If you have more than one of any modern computer on your LAN and you turn the right knobs, they can all talk to each other via IPv6 independent of any external IPv6 connectivity. You seem to want to draw this distinction between IPv6 between two hosts using 6to4 since that "works" and using 6to4 as a means to connect to the IPv6 Internet via relays, but then you conflate them by repeatedly complaining about lack of IPv6 service available from most ISPs and presenting 6to4 as a solution.

I've been using 6to4 on a regular, often daily, basis since the late 1990s.   6to4 has allowed me to develop IPv6 applications and test them on real networks, and deploy them in limited circumstances.  6to4 has also allowed me to remotely access computers on my SOHO networks, using any application protocol that I chose to do so, with out-of-the-box hardware and software, without any application-specific proxies, and generally without any application-specific configuration.  None of these scenarios required a relay router.  All of them were, and continue to be, useful.
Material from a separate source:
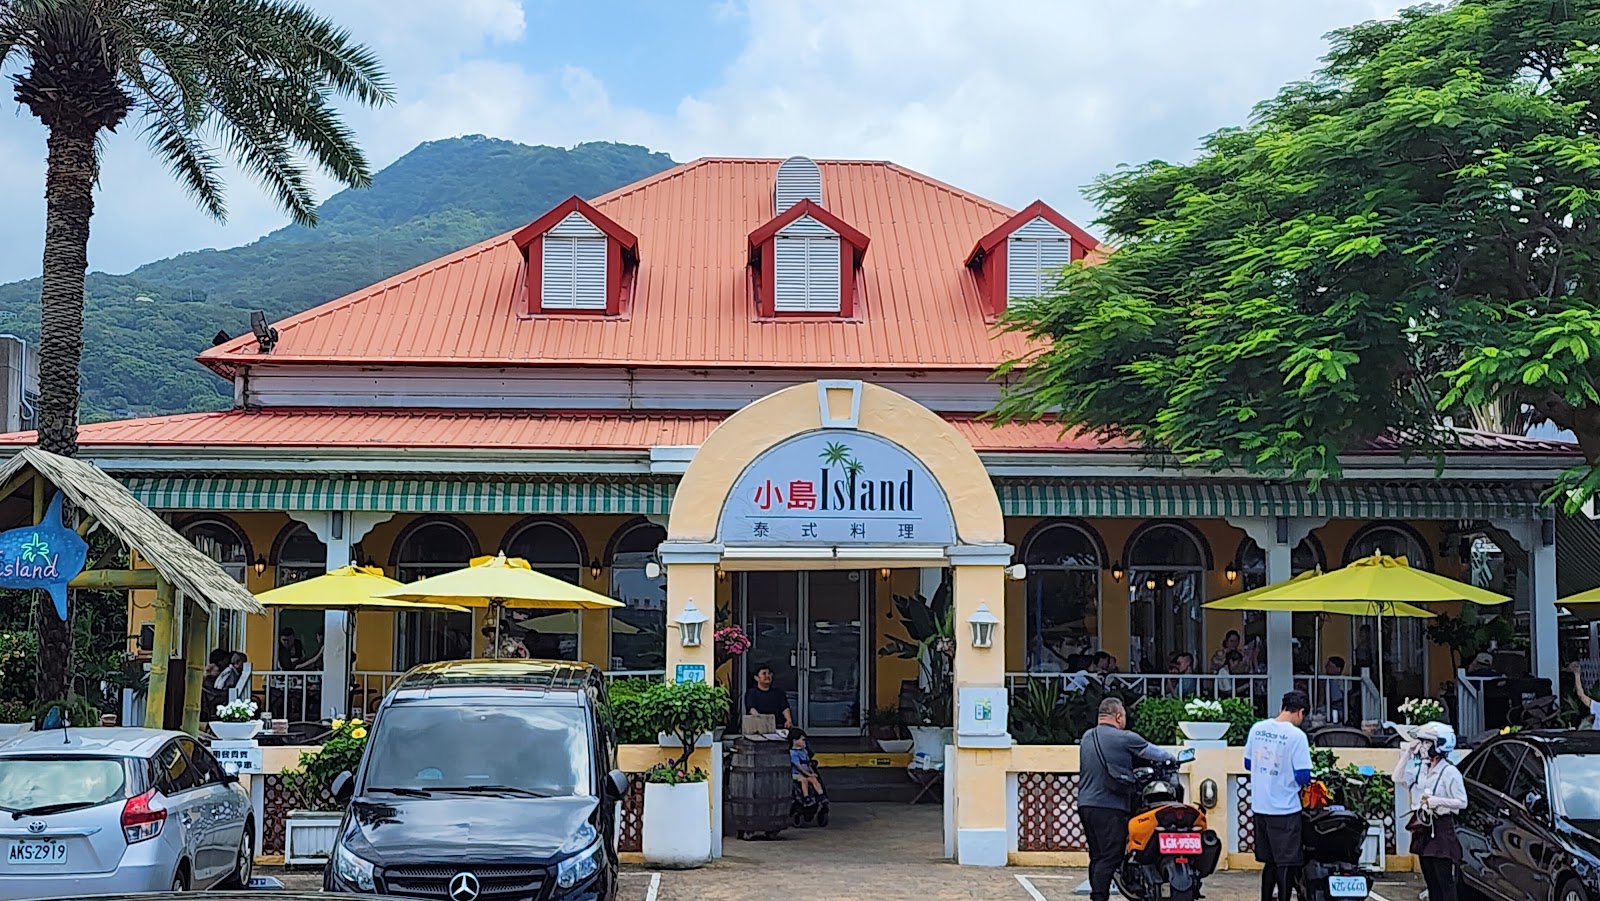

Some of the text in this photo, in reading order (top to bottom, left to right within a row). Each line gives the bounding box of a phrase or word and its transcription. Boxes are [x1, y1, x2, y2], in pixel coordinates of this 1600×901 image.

[753, 467, 915, 512] 小島 Island
[753, 521, 915, 539] 泰式料理
[9, 844, 66, 860] AKS-2919
Yes, I've experienced on many occasions that using 6to4 to access dual-stack web servers doesn't always work so well.  Sometimes it picks a suboptimal path because the relay router isn't convenient.  Sometimes the v6 path doesn't work at all and the application has to time out and retry using v4.   But this never really bothered me much, because my purpose in using 6to4 wasn't to try to access services that I could get to via IPv4 anyway.  And neither, I suggest, is that a reasonable metric for evaluating 6to4 or any other IPv6 transition mechanism.   The metric for evaluating an IPv6 transition mechanism should be based on its effectiveness in accessing services that are IPv6 only.   

And sure, 6to4 is a sort of last resort for those services, except maybe for the other transition mechanisms that are worse: Teredo is often worse, configured tunnels are often worse, for all of the obvious reasons.  If your ISP offers you native IPv6 access you should probably use that instead, even if internally they use 6rd or some other tunneling scheme.  There's definitely benefit to having professional management and support (such as it is) for your IPv6 connectivity.  

Yet, time and time again the argument gets made that 6to4 gets in the way of trying to access such services.  6to4 by itself is not the problem.  The problem is address selection rules that favor v6 over v4.  If the service is supported under v4, if it works fine through any NATs in the signal path, the application should probably use v4 to talk to that service.  And if the service is v6-only, and 6to4 is the best way of getting there that's available, you might as well try to use it.

Further, I don't buy the "separate tunnel to every host..." thing. Tunneled IPv6 connectivity is widely available. All any developer needs to do if they can't get Native IPv6 and a tunneled application is deemed good enough for their testing purposes is connect both ends of their testing environment to their choice of tunnel broker, and through the magic of the internet, they're all connected to one another.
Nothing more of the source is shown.